Welche Bridge Sie letztlich wählen, ist Ansichtssache. Sehr positiv war ich von der Fuji X S-1 überrascht, die ich ausgiebig testen durfte. Deren Low-Light-Modus liefert recht rauscharme Bilder bei wahrlich bescheidenem Dämmerlicht. Der AF ist recht flink. Mit Raynox Pro liegt sie auch gerade noch im Budget. Das Stativ sollte aber wirklich massiv sein und einen guten Kopf haben, denn mit dem Raynox davor wird sie leicht frontlastig.
Selbst die preislich sehr interessanten Panasonic-Modelle oder auch die preiswerteren Fuji HS20/30 leisten im Gelände saubere Arbeit. Auf A0 vergrößert hat man immer noch eine ansprechende Qualität. Obendrein sind gerade Bridge-Modelle bestens für Makro-Aufnahmen geeignet.
Man bedenke auch, was passiert, wenn man mit einer selbst wassergeschützten PENTAX-DSLR mal so richtiges Sch..wetter erwischt... oder die Tasche umkippt und das Glas nebst sonstiger Zubehör in der Pampe liegt.
Sollten die großformatigen Fotos für Fachmagazine sein, reicht das Budget um Welten nicht! Dann währe meine Empfehlung eine wasser- und staubgeschützte Pentax K640D mit min. 500'er wetterfestem Tele (Festbrennweite) zusammen zum Preis eines sehr guten Kleinwagens. ;o)

Hier der irre Vergleich zwischen der HS20EXR und einer DSLR - wie sieht eine DSLR mit gleicher Optik aus...

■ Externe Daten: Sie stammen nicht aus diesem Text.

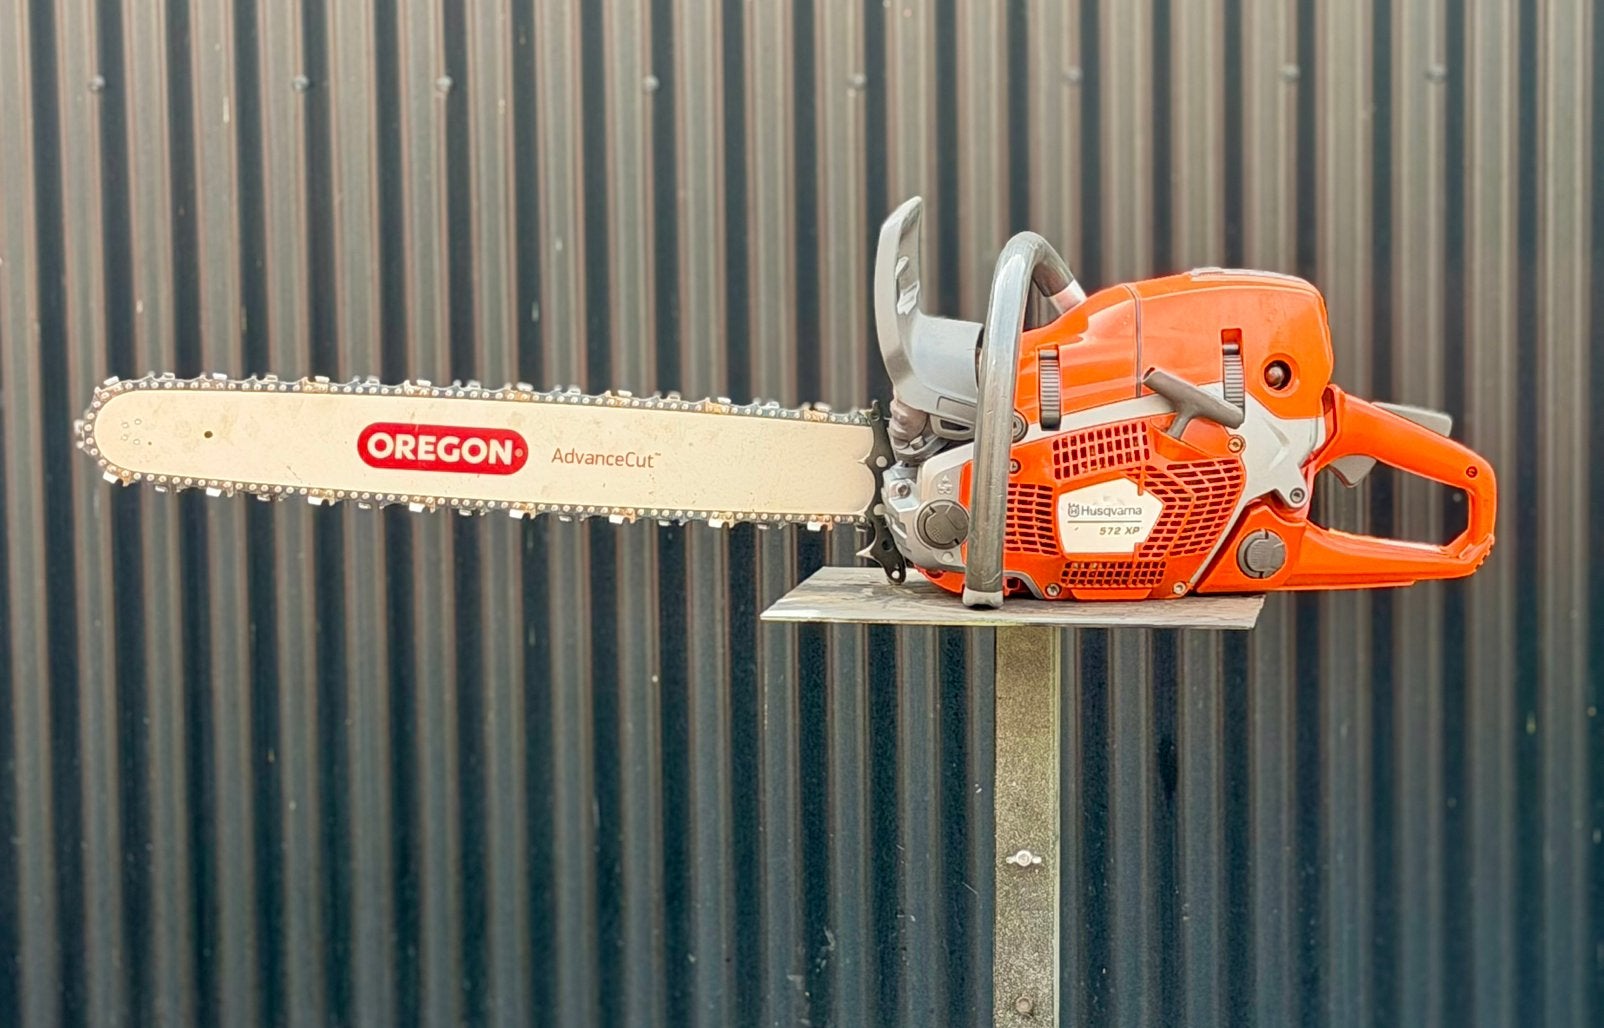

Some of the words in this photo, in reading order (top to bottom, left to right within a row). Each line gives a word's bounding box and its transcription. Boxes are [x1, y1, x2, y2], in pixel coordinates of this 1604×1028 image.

[367, 432, 513, 465] OREGON
[1081, 505, 1142, 517] Husqvarna
[1099, 526, 1121, 535] 572
[1124, 526, 1140, 535] XP

http://www.youtube.com/watch?v=rfnv9pRUJrU&feature=results_main&playnext=1&list=PLE9F01139E071D980

Schmunzeln nicht vergessen!

Gute Tips zum Thema gibt es auch hier:

http://www.safari-guide.co.uk/
...mit passenden, ansehnlichen Beispielfotos.

Machen wir halt das Beste draus...
Gute Bilder

Veröffentlicht am 12.04.2012 12:08:21 GMT+02:00
Niels Nübel meint:
Moin aus Buchholz in der Nordheide,

der Trend bei neuen Kamera ist eine ansteigende Anzahl an Megapixel und auch die Lichtempfindlichkeit der Sensoren geht hoch. Beides ist wichtig bei der Tierfotografie.
Um schnelle Bewegungen einzufrieren, braucht man Zugriff auf höhere ISO-Bereiche, um Verschlusszeiten zu senken. Damit du ein brauchbares Foto hast, sollte das deine neue Kamera leisten.
Das zählt aber nicht alleine, es kommt oft vor das man nicht nah genug an das Motiv kommt und später zwingt ein die größere Entfernung einen in der Nachbearbeitung, auf interessante Bildbereiche zuzuschneiden.
Hier ist es von Vorteil wenn die Aufnahme mit einer höheren Anzahl an Megapixeln aufgenommen wurde. Bei APS-C Kameras kommt hier der Crop-Faktor zum tragen. Nachteil ist das Bildrauschen bei einem APS-C SENSOR.
Sind immer Vor- und Nachteile die entstehen. Aber bei 1500¤ Budget kommt sowieso keine Vollformat Kamera in Frage.

Zum Objektiv:
ein 70-200 Millimeter-Telezoom ist ganz gut zum Einsteigen im Zoo oder wenn man Hunde, Pferde fotografieren will die nicht so scheu sind.
Bei Hasen oder Rotwild brauchst du aber schon was ordentlicheres ein 200- bis 500- Millimeter-Telezoom wäre da was vernünftiges. Hier wirst du aber nicht unter 4000 ¤ eins mit einer 2.8 Blende bekommen, was dir aber auch schon klar ist.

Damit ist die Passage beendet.